You’ve always collected Star Wars toys with relative availability at the retail level. But recently, you’ve encountered another dimension of nothingness; nothing to purchase because there’s nothing found. You’re desperately trying to spend your extra income on the latest Star Wars figures. But instead, you’ve just crossed over into The Hasbro Zone. (more….)
Is it just me, or is anyone else stunned by the lack of Hasbro Star Wars products for The Rise Of Skywalker? As a 3.75”-focused collector, it’s especially frustrating. But collectors of The Black Series 6” line aren’t faring any better. For the 6” line, to date, Hasbro produced six figures. SIX FIGURES! What kind of craziness is this? For The Vintage Collection, well, those collectors did a little better and received seven figures from Hasbro. SEVEN FIGURES! That’s madness! These counts are based on all characters from Episode IX, and not the Jedi Fallen Order video game or The Mandalorian Disney+ series. From October 2019 to now, that’s all collectors of these respective lines have from The Rise of Skywalker. I have to ask. Are you all really content with this? Yes, collecting is a different ball of wax these days. The collector base has shrunken to almost unrecognizable numbers. And generally speaking, kids are more interested in being entertained by devices than playing with action figures. Still, all I hear across the board from most collectors is that they’re frustrated. And yet, I also hear that people are content with the relative “nothingness” Hasbro is producing since the Disney takeover.

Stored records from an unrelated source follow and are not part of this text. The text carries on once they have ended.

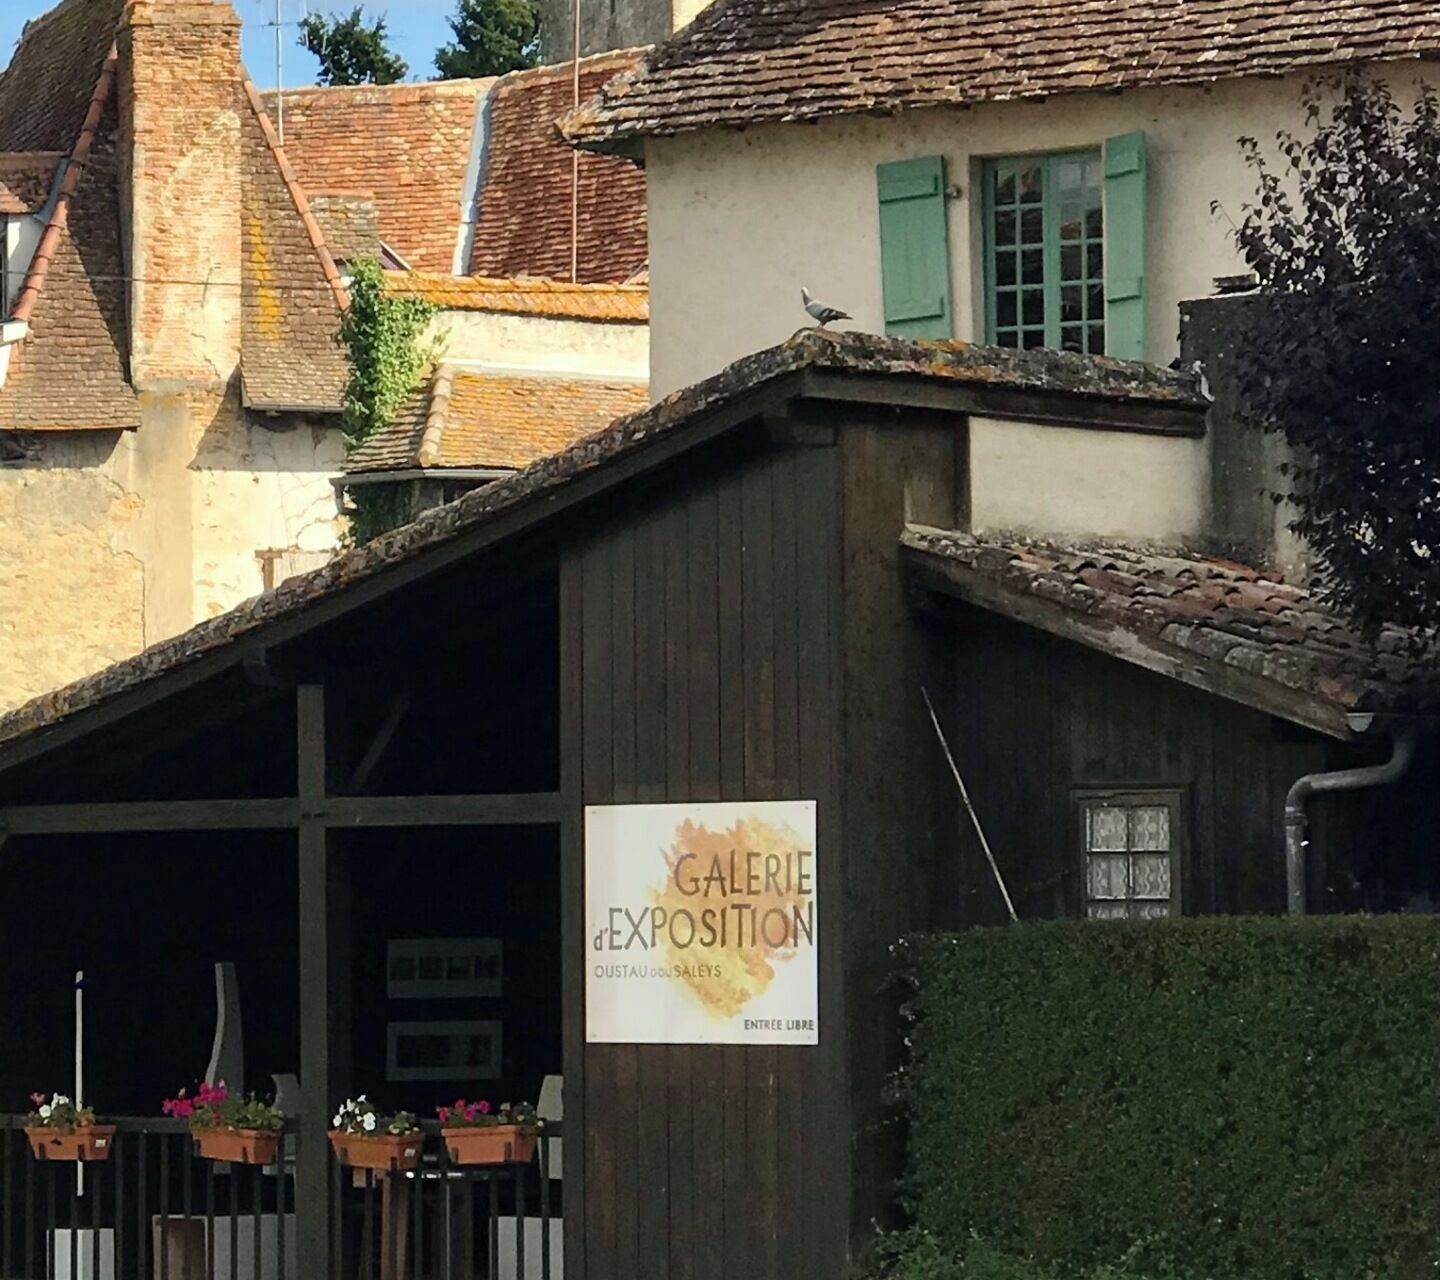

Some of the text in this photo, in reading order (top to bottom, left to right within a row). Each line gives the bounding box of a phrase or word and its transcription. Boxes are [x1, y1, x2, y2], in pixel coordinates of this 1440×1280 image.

[675, 850, 813, 897] GALERIE
[593, 902, 813, 951] d'EXPOSITION
[594, 965, 648, 978] OUSTAU
[673, 964, 722, 978] SALEYS
[744, 1018, 815, 1030] ENTRÉE LIBRE
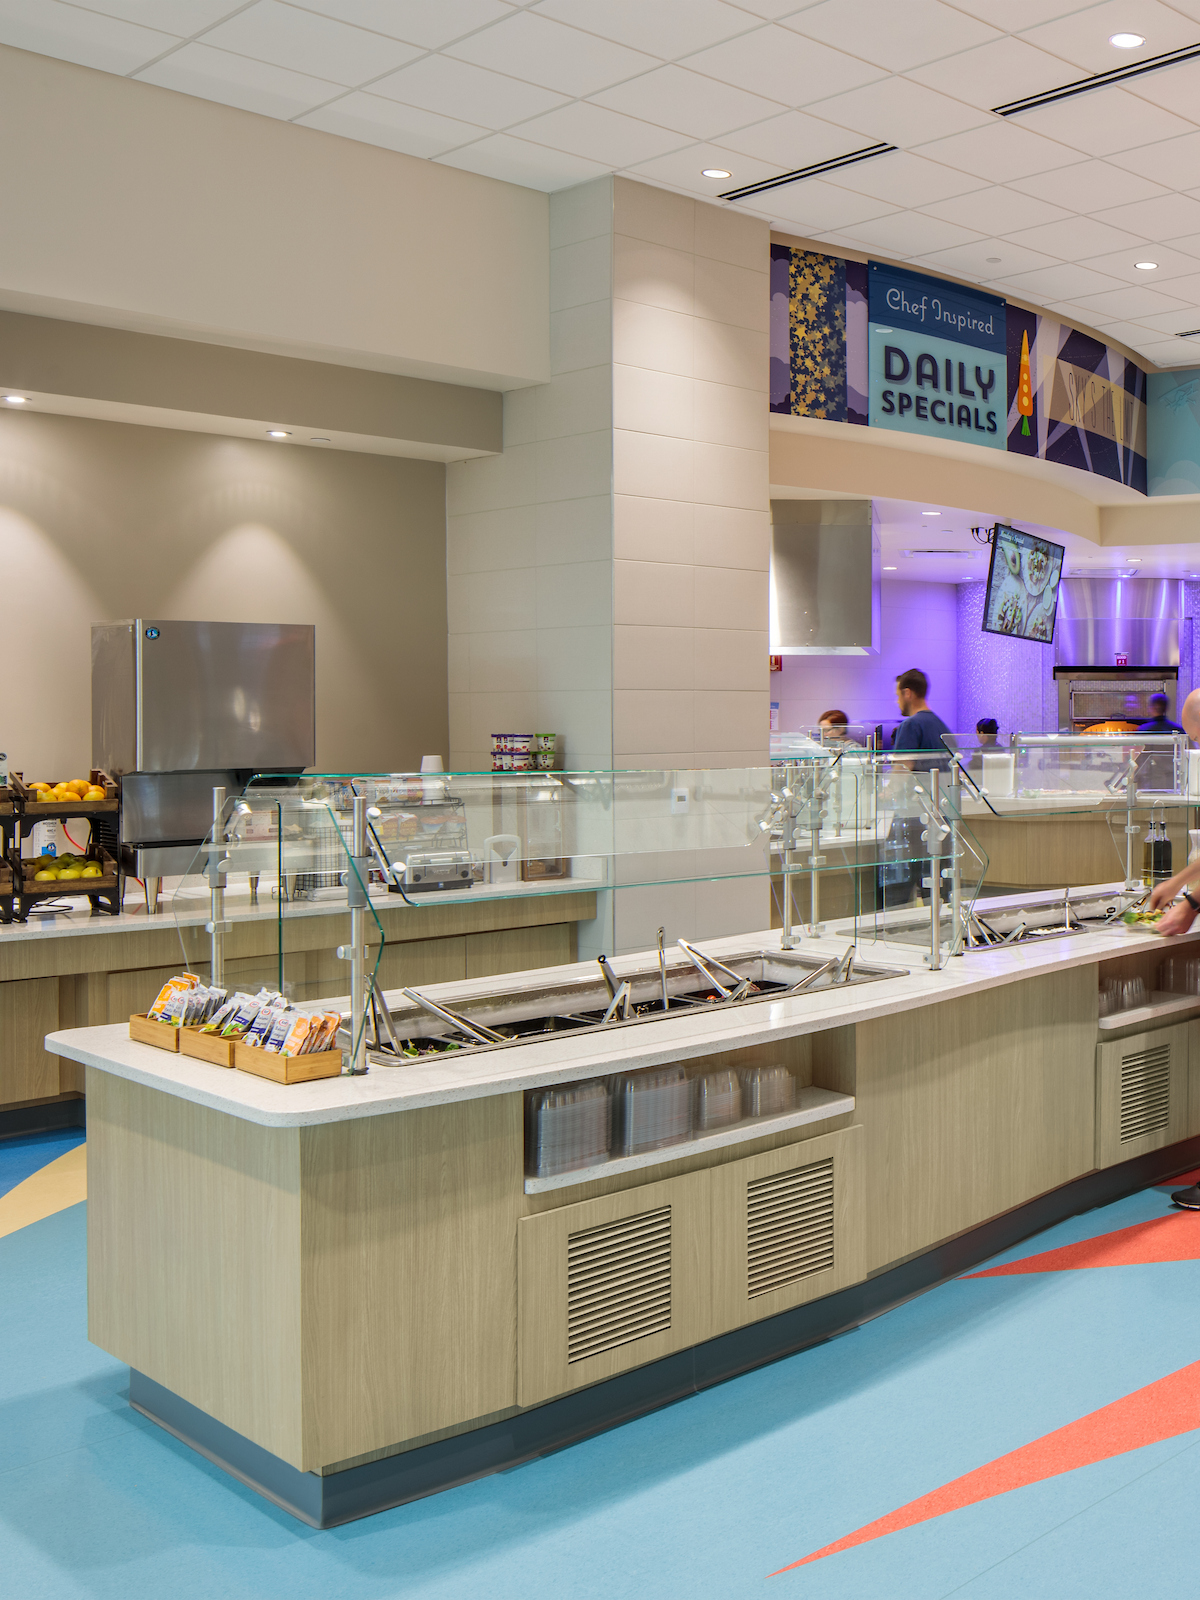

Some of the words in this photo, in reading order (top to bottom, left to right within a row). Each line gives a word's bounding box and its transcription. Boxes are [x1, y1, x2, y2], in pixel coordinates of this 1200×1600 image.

[886, 287, 928, 322] Chef
[932, 299, 994, 336] Inspired
[884, 345, 995, 400] DAILY
[881, 390, 998, 433] SPECIALS

Yes. Everyone seems to agree Disney is a huge problem for Hasbro, and thus collectors. For example, Hasbro is kept out of spoiler information, so they can’t even prep these awesome characters behind the scenes. As a result, characters collectors desperately want to purchase don’t come until years later. Even if Disney kept Emperor Palpatine a secret from Hasbro, you’d think that at the very least, Hasbro would announce that products based on Emperor Palpatine in Episode IX are forthcoming. They completely missed the mark on Baby Yoda. They were the last licensee to announce something was coming. Others scooped them on this for weeks. Think of how much money Hasbro lost on Baby Yoda thus far. But it’s so much more than not being prepared for the deluge of collectors looking for the latest characters from Episode IX and other Star Wars sources. Why is the volume of products merely a trickle in this day and age? Star Wars is supposed to be the biggest and best it ever was, yet merchandising is probably the worst it’s EVER been.

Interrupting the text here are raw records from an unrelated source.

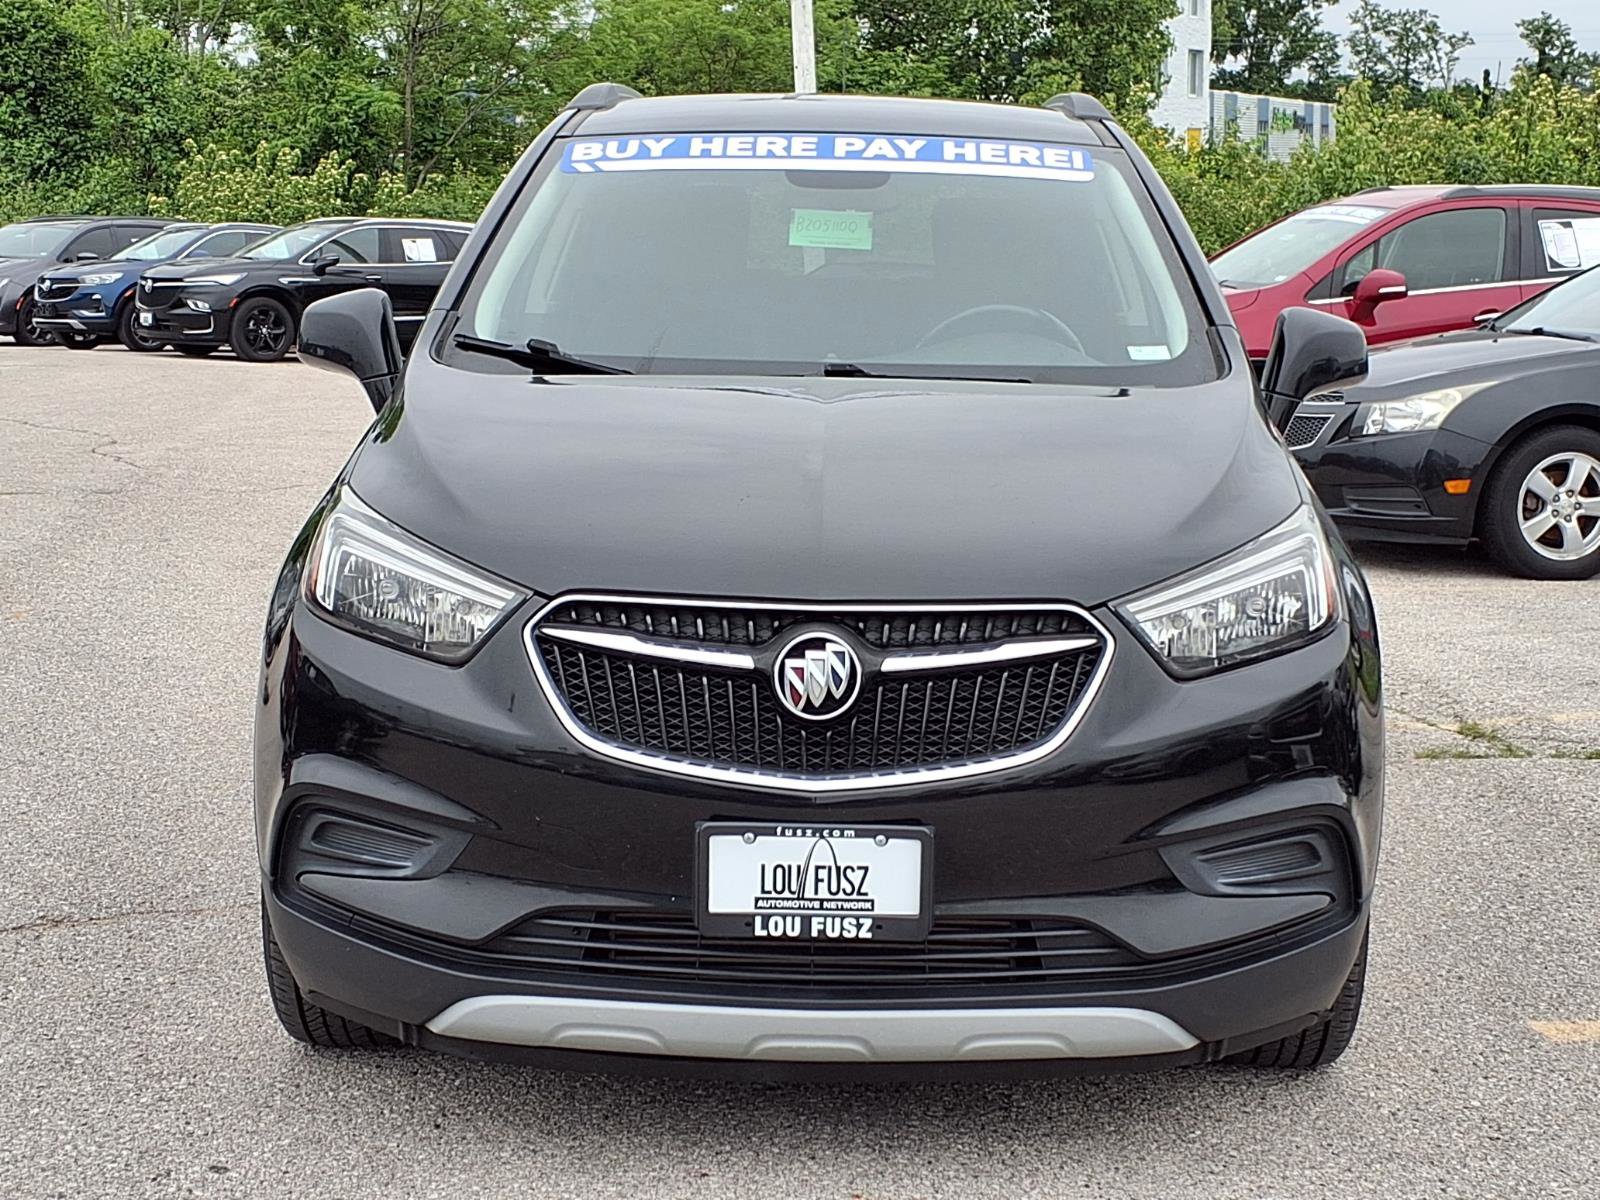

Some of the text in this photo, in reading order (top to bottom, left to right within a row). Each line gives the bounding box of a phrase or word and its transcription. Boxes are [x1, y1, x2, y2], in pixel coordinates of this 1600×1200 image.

[571, 137, 676, 161] BUY
[689, 136, 818, 157] HERE
[833, 137, 927, 160] PAY
[776, 826, 856, 838] fusz.com
[760, 863, 869, 897] LOU FUSZ
[757, 899, 872, 910] AUTOMOTIVE NETWORK
[754, 915, 873, 939] LOU FUSZ

I know it’s easy to blame Hasbro for everything. And perhaps that’s not fair to get upset with Hasbro when Disney is responsible for the parameters they force them to work within, but there is also due diligence. And when your main market is impatiently waiting for key products to be released that they desperately want in the toy line, you have to wonder how engaged the licensee is to its market. Six action figures on average per scale are not the way to keep engagement strong with the collecting community. If you have products ready to go for Toy Fair this year, why not tease something, and reassure the collecting community that you’re still producing products for them? If new products are announced at Toy Fair next month and have an approximate release date of April 2020, that’s SIX MONTHS since the Triple Force Friday product launch. Oh my heck. How is that possible? The volume of toys needs to increase. There need to be more announcements beyond straight repack for The Vintage Collection. And 6” collectors, although treated the best by Hasbro, should be concerned that there are so few new announcements.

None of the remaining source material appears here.